• Directions
The response should be a precise copy of every entry.

Stored data entries
=====

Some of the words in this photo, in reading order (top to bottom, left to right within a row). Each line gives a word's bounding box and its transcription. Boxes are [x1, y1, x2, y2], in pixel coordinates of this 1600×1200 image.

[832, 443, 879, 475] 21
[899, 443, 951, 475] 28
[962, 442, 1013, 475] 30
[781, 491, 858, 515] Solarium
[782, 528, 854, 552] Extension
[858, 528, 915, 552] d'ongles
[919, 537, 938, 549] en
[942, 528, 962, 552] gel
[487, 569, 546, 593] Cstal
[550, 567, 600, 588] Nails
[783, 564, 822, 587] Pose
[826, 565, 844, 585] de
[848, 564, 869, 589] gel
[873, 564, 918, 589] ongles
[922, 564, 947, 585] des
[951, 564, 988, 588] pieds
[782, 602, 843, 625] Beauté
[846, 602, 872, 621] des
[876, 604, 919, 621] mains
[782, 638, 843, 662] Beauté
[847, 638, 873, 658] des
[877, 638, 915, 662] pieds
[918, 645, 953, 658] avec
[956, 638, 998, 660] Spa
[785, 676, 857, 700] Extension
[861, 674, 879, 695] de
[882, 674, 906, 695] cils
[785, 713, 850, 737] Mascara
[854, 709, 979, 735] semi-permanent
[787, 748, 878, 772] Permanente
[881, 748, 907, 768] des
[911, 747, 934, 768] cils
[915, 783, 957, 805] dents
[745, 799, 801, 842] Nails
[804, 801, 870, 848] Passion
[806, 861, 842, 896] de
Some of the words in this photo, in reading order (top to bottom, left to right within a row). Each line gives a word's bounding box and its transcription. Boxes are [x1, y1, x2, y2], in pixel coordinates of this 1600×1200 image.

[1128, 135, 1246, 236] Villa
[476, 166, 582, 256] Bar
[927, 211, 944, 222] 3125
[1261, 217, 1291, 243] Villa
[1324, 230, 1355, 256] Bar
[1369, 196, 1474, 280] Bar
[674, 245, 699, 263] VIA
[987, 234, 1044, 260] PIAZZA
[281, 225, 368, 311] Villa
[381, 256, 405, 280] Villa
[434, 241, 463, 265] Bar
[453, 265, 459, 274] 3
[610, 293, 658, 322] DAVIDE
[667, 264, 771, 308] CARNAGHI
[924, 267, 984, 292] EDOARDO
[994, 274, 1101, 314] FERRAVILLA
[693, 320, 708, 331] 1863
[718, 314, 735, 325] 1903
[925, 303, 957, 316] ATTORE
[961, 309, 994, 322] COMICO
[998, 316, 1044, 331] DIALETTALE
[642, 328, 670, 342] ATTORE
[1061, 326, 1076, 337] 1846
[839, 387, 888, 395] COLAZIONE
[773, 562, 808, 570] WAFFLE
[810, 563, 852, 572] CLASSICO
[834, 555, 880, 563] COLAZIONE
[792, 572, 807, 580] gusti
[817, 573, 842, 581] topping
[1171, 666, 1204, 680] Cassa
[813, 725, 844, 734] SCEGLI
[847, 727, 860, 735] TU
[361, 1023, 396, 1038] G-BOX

=====

• Response area
Some of the words in this photo, in reading order (top to bottom, left to right within a row). Each line gives a word's bounding box and its transcription. Boxes are [x1, y1, x2, y2], in pixel coordinates of this 1600×1200 image.

[832, 443, 879, 475] 21
[899, 443, 951, 475] 28
[962, 442, 1013, 475] 30
[781, 491, 858, 515] Solarium
[782, 528, 854, 552] Extension
[858, 528, 915, 552] d'ongles
[919, 537, 938, 549] en
[942, 528, 962, 552] gel
[487, 569, 546, 593] Cstal
[550, 567, 600, 588] Nails
[783, 564, 822, 587] Pose
[826, 565, 844, 585] de
[848, 564, 869, 589] gel
[873, 564, 918, 589] ongles
[922, 564, 947, 585] des
[951, 564, 988, 588] pieds
[782, 602, 843, 625] Beauté
[846, 602, 872, 621] des
[876, 604, 919, 621] mains
[782, 638, 843, 662] Beauté
[847, 638, 873, 658] des
[877, 638, 915, 662] pieds
[918, 645, 953, 658] avec
[956, 638, 998, 660] Spa
[785, 676, 857, 700] Extension
[861, 674, 879, 695] de
[882, 674, 906, 695] cils
[785, 713, 850, 737] Mascara
[854, 709, 979, 735] semi-permanent
[787, 748, 878, 772] Permanente
[881, 748, 907, 768] des
[911, 747, 934, 768] cils
[915, 783, 957, 805] dents
[745, 799, 801, 842] Nails
[804, 801, 870, 848] Passion
[806, 861, 842, 896] de
Some of the words in this photo, in reading order (top to bottom, left to right within a row). Each line gives a word's bounding box and its transcription. Boxes are [x1, y1, x2, y2], in pixel coordinates of this 1600×1200 image.

[1128, 135, 1246, 236] Villa
[476, 166, 582, 256] Bar
[927, 211, 944, 222] 3125
[1261, 217, 1291, 243] Villa
[1324, 230, 1355, 256] Bar
[1369, 196, 1474, 280] Bar
[674, 245, 699, 263] VIA
[987, 234, 1044, 260] PIAZZA
[281, 225, 368, 311] Villa
[381, 256, 405, 280] Villa
[434, 241, 463, 265] Bar
[453, 265, 459, 274] 3
[610, 293, 658, 322] DAVIDE
[667, 264, 771, 308] CARNAGHI
[924, 267, 984, 292] EDOARDO
[994, 274, 1101, 314] FERRAVILLA
[693, 320, 708, 331] 1863
[718, 314, 735, 325] 1903
[925, 303, 957, 316] ATTORE
[961, 309, 994, 322] COMICO
[998, 316, 1044, 331] DIALETTALE
[642, 328, 670, 342] ATTORE
[1061, 326, 1076, 337] 1846
[839, 387, 888, 395] COLAZIONE
[773, 562, 808, 570] WAFFLE
[810, 563, 852, 572] CLASSICO
[834, 555, 880, 563] COLAZIONE
[792, 572, 807, 580] gusti
[817, 573, 842, 581] topping
[1171, 666, 1204, 680] Cassa
[813, 725, 844, 734] SCEGLI
[847, 727, 860, 735] TU
[361, 1023, 396, 1038] G-BOX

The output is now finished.